Output each record below exactly as it stands, leaving out the pictures.
*** Opening EXERCISE MATERIALS ***
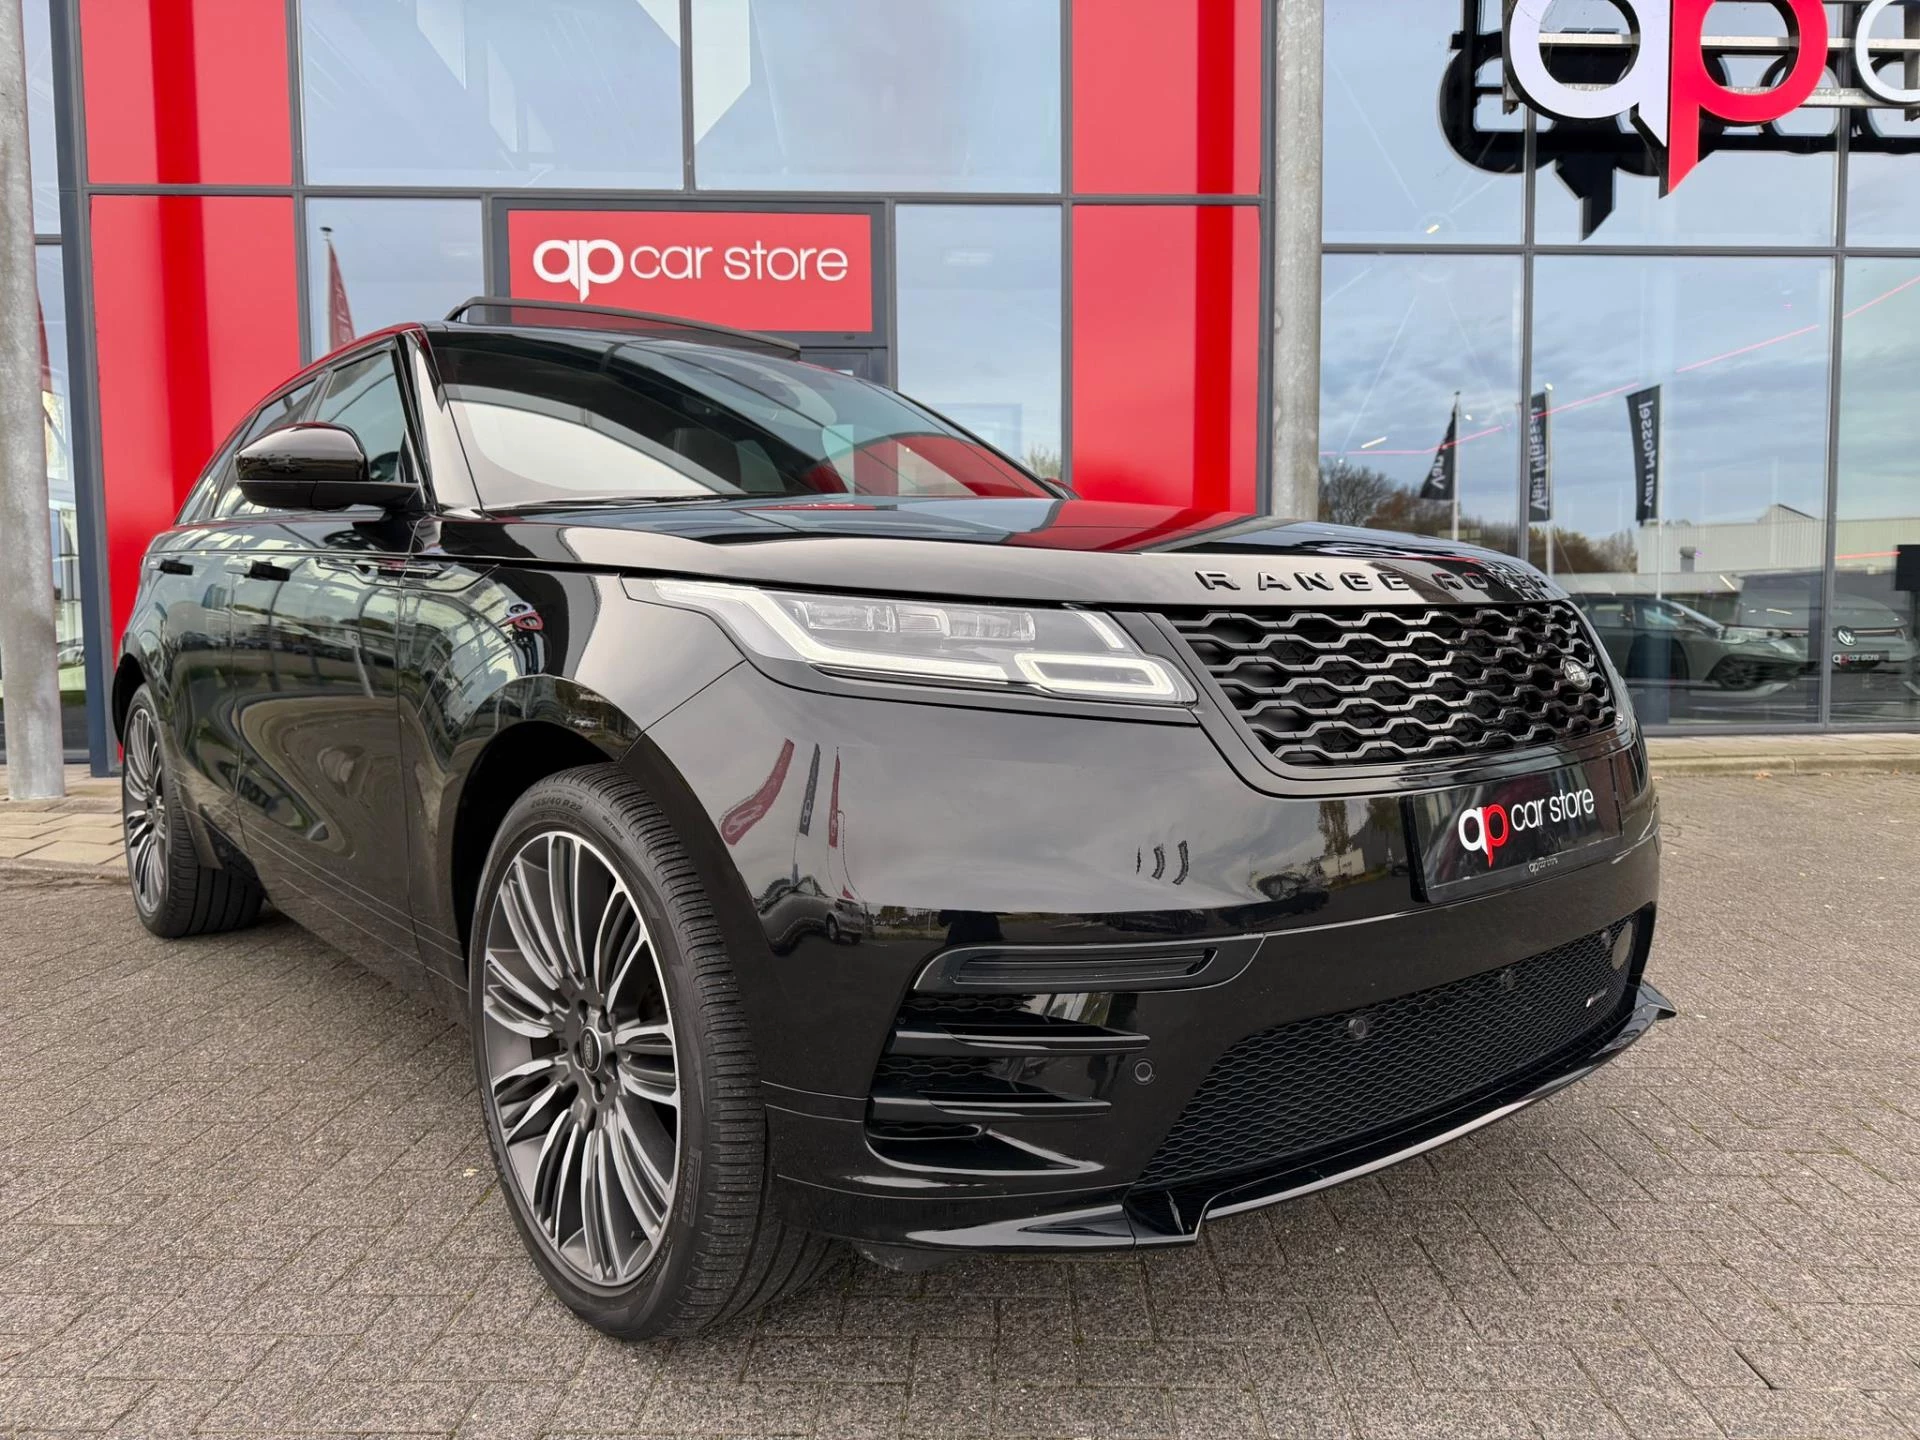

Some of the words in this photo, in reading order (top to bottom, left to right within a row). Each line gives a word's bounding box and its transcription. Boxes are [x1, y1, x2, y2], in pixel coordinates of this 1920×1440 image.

[1509, 0, 1828, 194] ap
[532, 239, 624, 303] ap
[629, 245, 713, 280] car
[723, 240, 848, 282] store
[1195, 571, 1410, 591] RANGE
[1458, 803, 1509, 867] ap
[1511, 798, 1545, 831] car
[1549, 788, 1595, 822] store
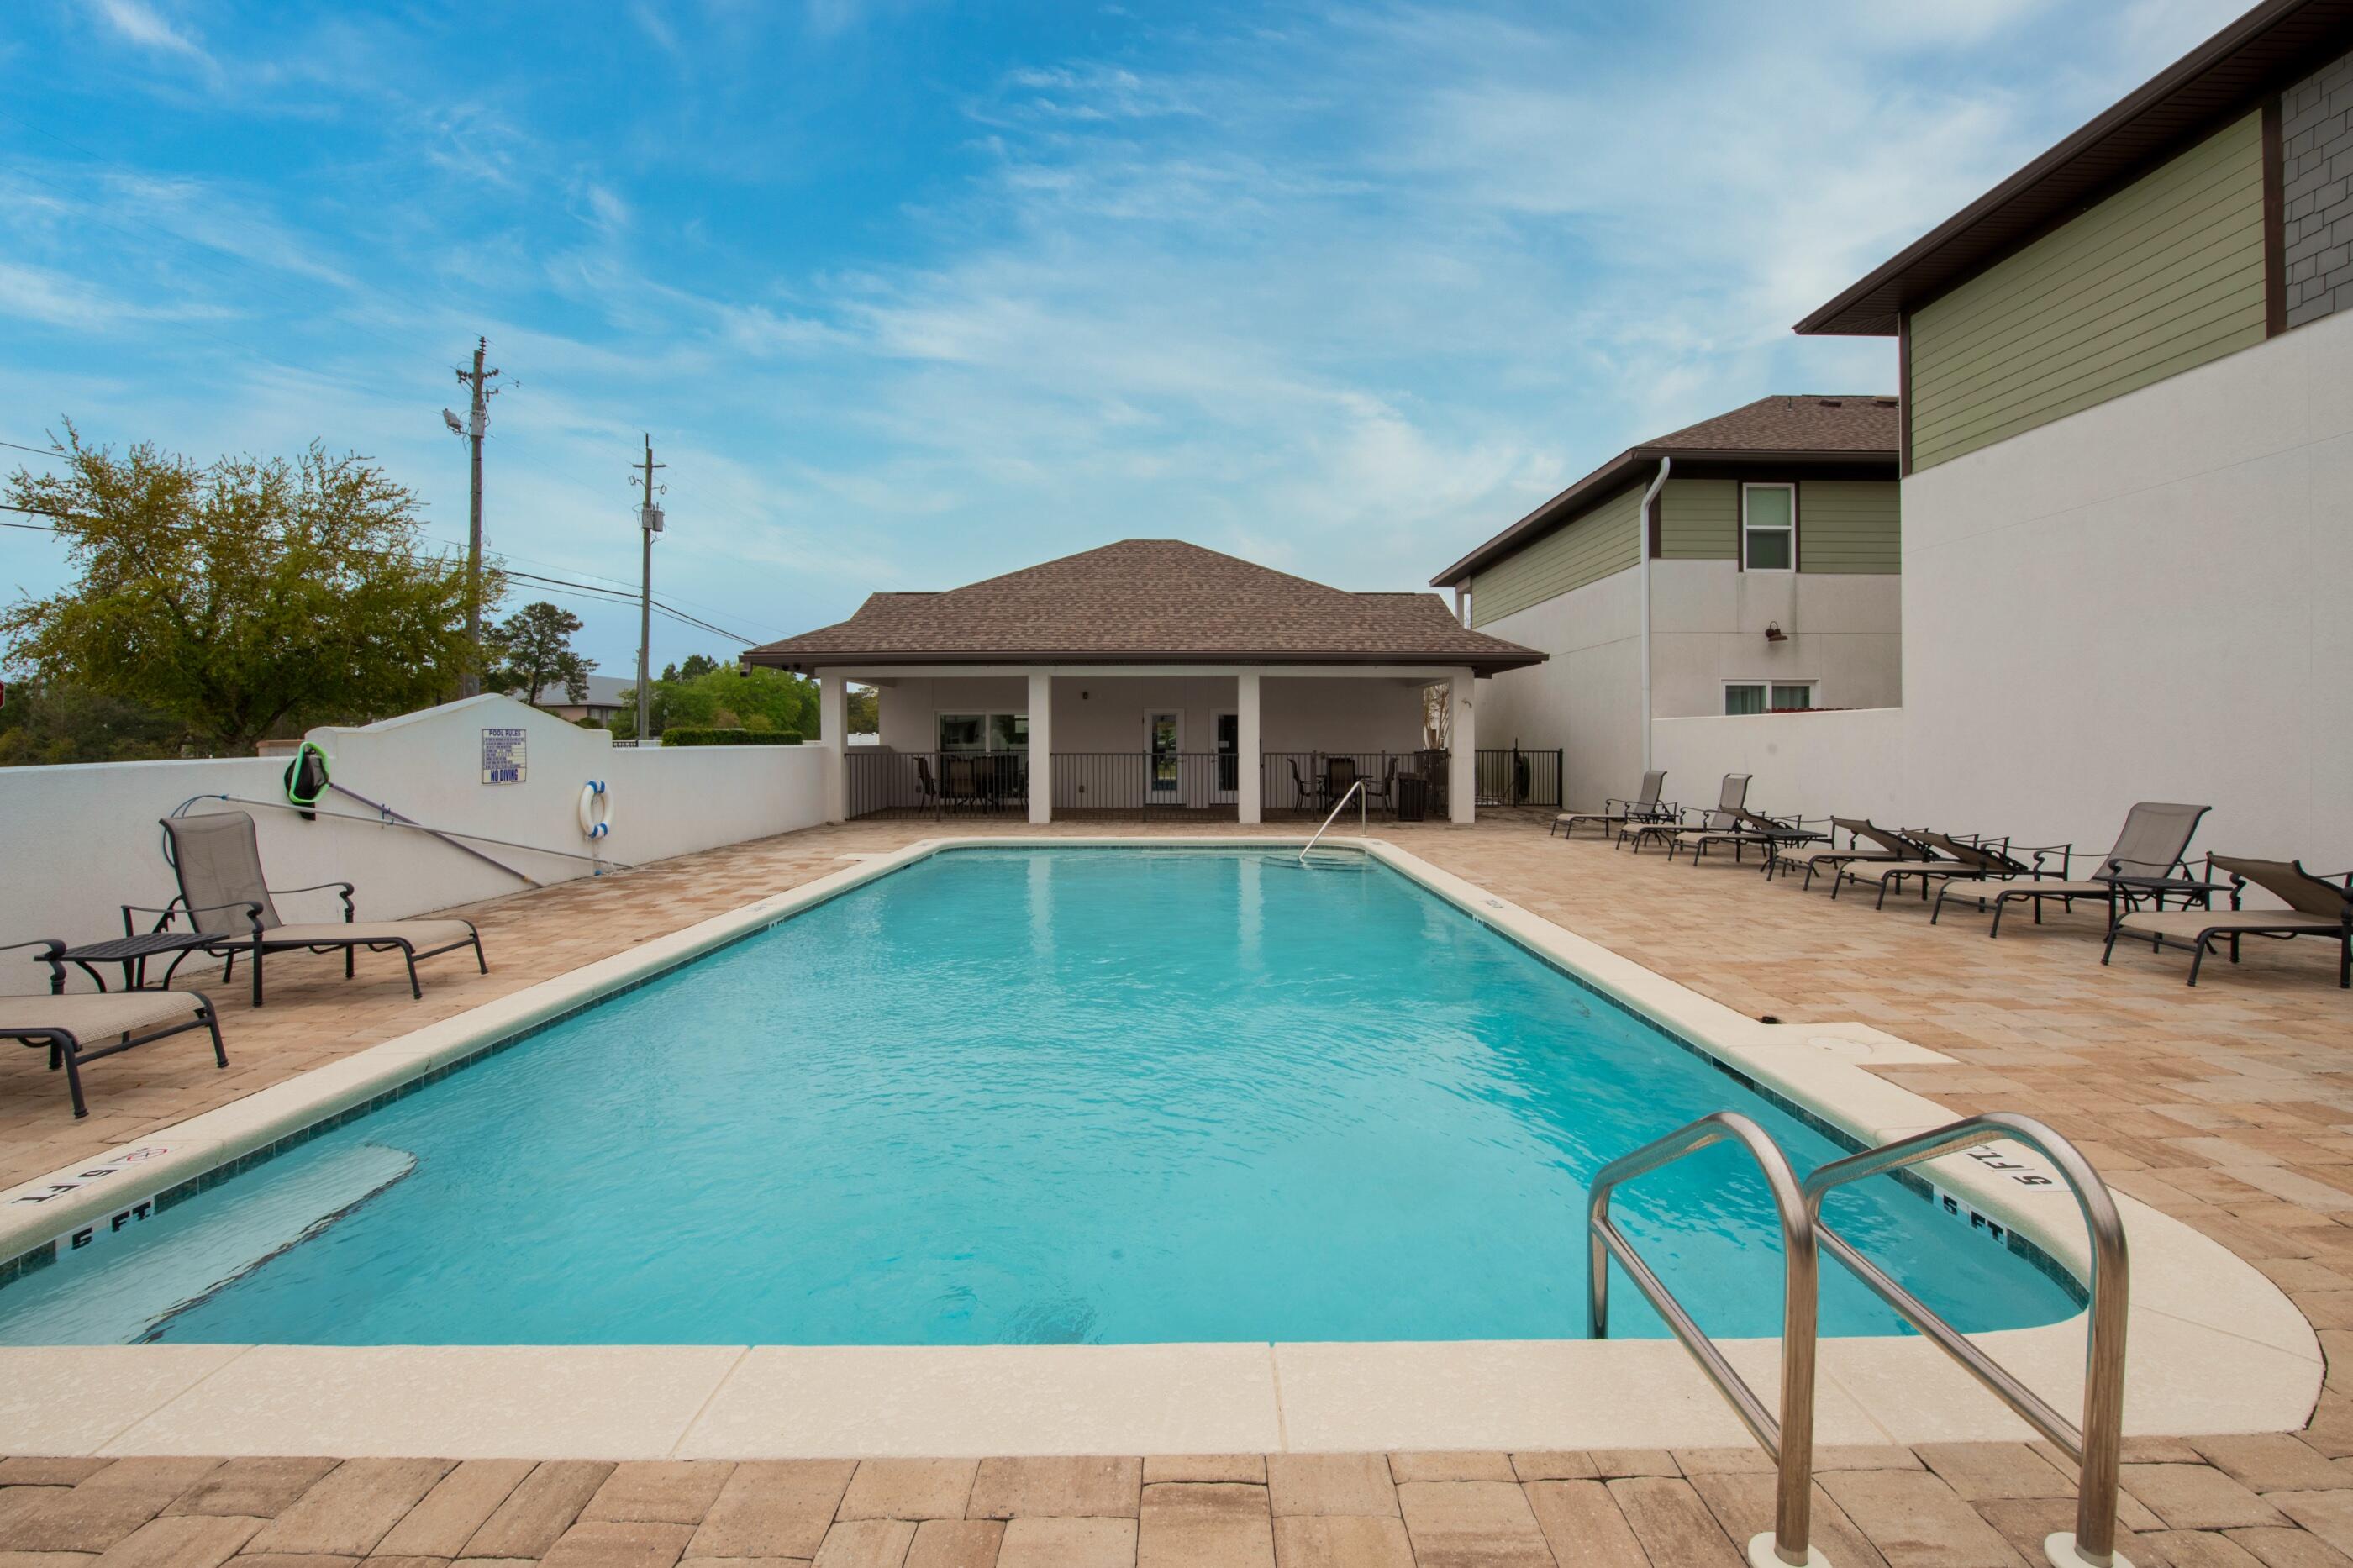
*** Closing EXERCISE MATERIALS ***
## RESULT:
Some of the words in this photo, in reading order (top to bottom, left to right within a row). Each line gives a word's bounding box and its transcription. Boxes are [x1, y1, x2, y2], in pixel coordinates of this 1920×1440 image.

[1509, 0, 1828, 194] ap
[532, 239, 624, 303] ap
[629, 245, 713, 280] car
[723, 240, 848, 282] store
[1195, 571, 1410, 591] RANGE
[1458, 803, 1509, 867] ap
[1511, 798, 1545, 831] car
[1549, 788, 1595, 822] store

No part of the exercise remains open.